The bespectacled Ledger and sideburned Damon look like they’ve arrived at a costume party where a game is already in session, and they can’t find anyone to explain the rules to them. As they stagger from scene to scene, Ledger visibly labors to make Jacob complicated and sympathetic. Meanwhile the immensely talented Damon seems stranded for the first time in his career.

They look even worse when they fall into step with Lena Headey’s humorless heroine, who’s busy skinning a rabbit when we first meet her and never manages to become more romantic than that. Angelika doesn’t suffer Grimms gladly, and when they’re together, she out-grims them both. (Why didn’t the Weinsteins honor Gilliam’s desire to cast the great Samantha Morton as Angelika? The studio should have sought the sort of chemistry modeled by Depp, Bloom, and Knightley in Pirates of the Caribbean.)

The supporting players don’t fare much better. Jonathan Pryce’s Delatombe is just an amusing variation of his Baron Munchausen character. As Caravaldi, Peter Stormare’s exaggerated antics are hilarious, but they belong in a much zanier film. When Monica Bellucci arrives as the magnificent Mirror Queen, you can understand why men would sell their souls to serve her, but her screen time is painfully short. The final confrontation, which should be riveting, is utterly anticlimactic.

Only a few sequences launch the madcap fireworks we expect from Gilliam’s combustible mind. In a bizarre variation on “The Gingerbread Man,” a demonic concoction plucks the eyes right out of a terrified child’s head and then lurches after villagers like a primordial version of Chucky. In another, a horse infected by a sinister curse suddenly develops an alarming appetite.

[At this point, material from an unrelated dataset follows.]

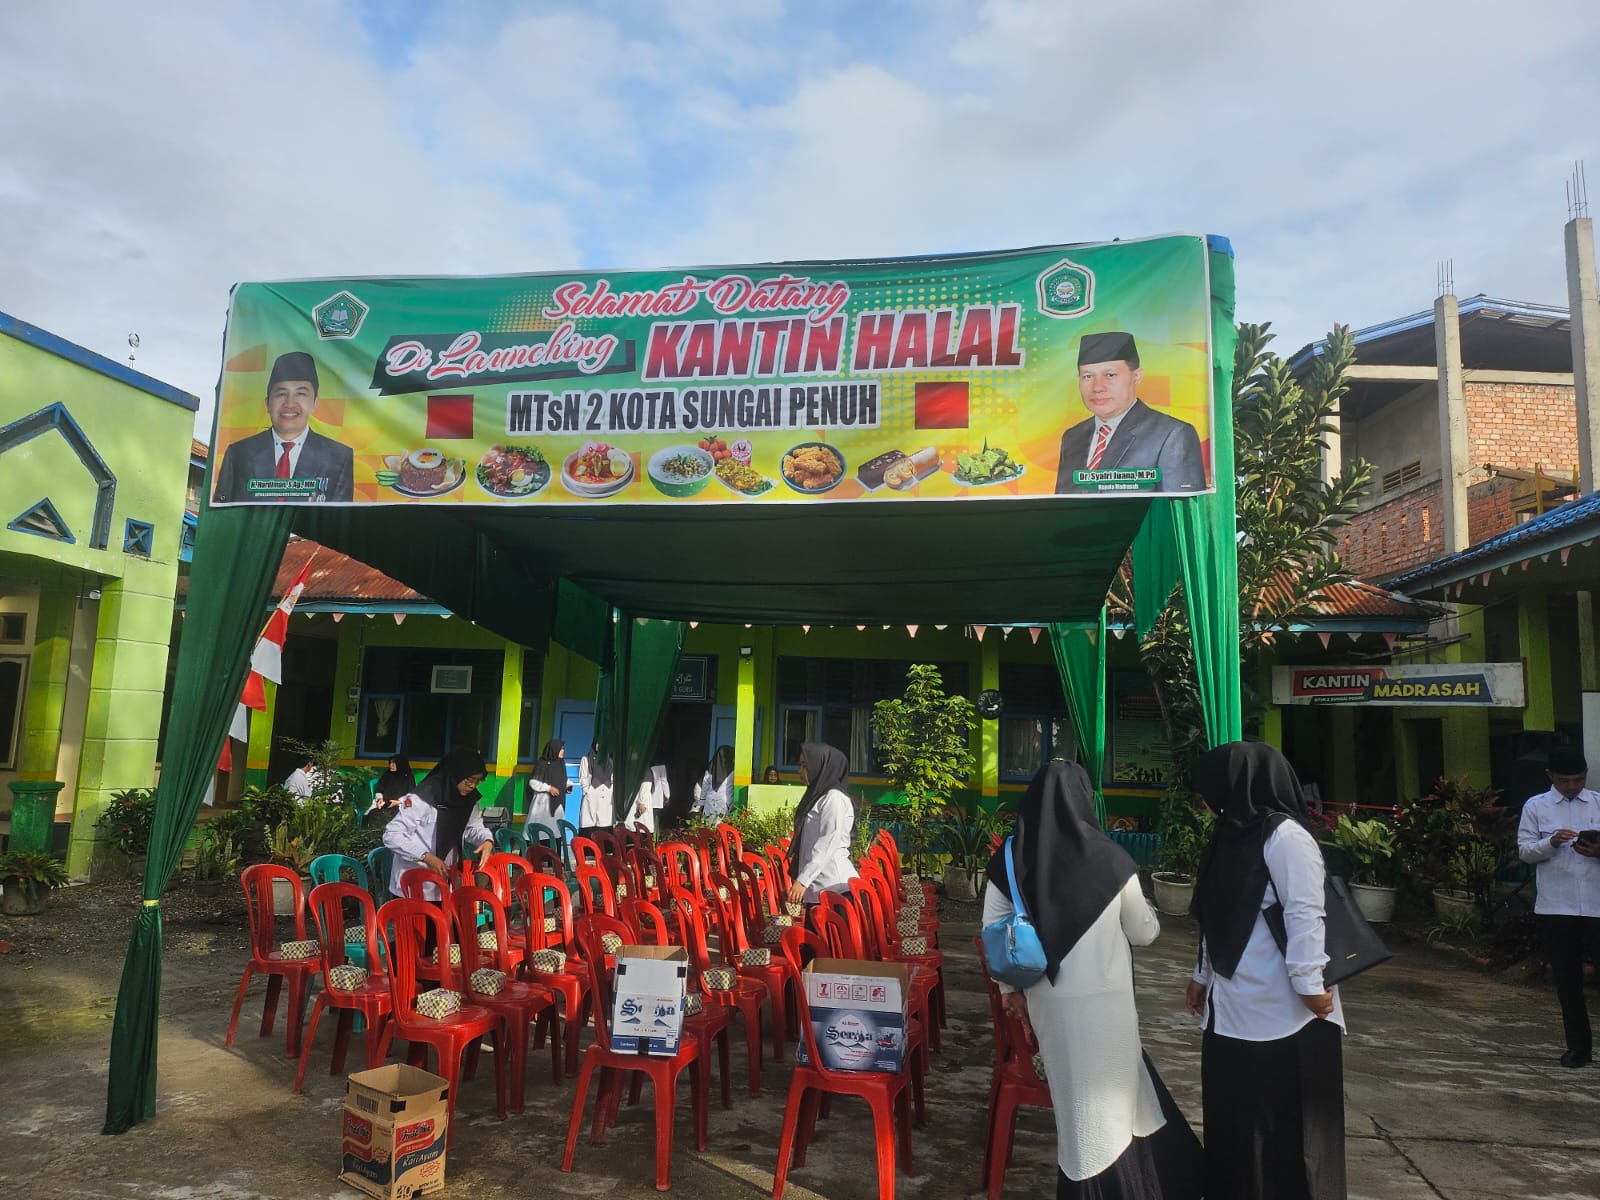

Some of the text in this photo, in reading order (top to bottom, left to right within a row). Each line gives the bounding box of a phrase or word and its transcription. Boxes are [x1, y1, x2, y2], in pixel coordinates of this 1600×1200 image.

If Grimm had come from an amateur director, it might have been praised as a promising start. But we can’t help imagining the masterpiece that might have come from Gilliam’s collaboration with a better screenwriter—The Fisher King‘s Richard Lagravense or Shakespeare in Love‘s Tom Stoppard, perhaps, who both fuse comedy and fantasy with more sophistication. Gilliam would probably agree with C. S. Lewis, who said that a fairy tale “stirs and troubles” us “with the dim sense of something beyond [our] reach and, far from dulling or emptying the actual world, gives it a new dimension of depth.” That is, if it’s well told.

But Grimm falls short of the fantasy-film standards set by Peter Jackson’s Lord of the Rings trilogy, Jim Henson’s The Dark Crystal and Labyrinth, Rob Reiner’s The Princess Bride, Richard Donner’s underrated Ladyhawke, and Gilliam’s own masterpieces. Brazil fans are likely to return from this not-so-enchanted forest disillusioned, sustained only by the scattered breadcrumbs of Gilliam’s genius, hoping that when they arrive at his next release—Tideland—they’ll watch him break “the curse” and live happily ever after.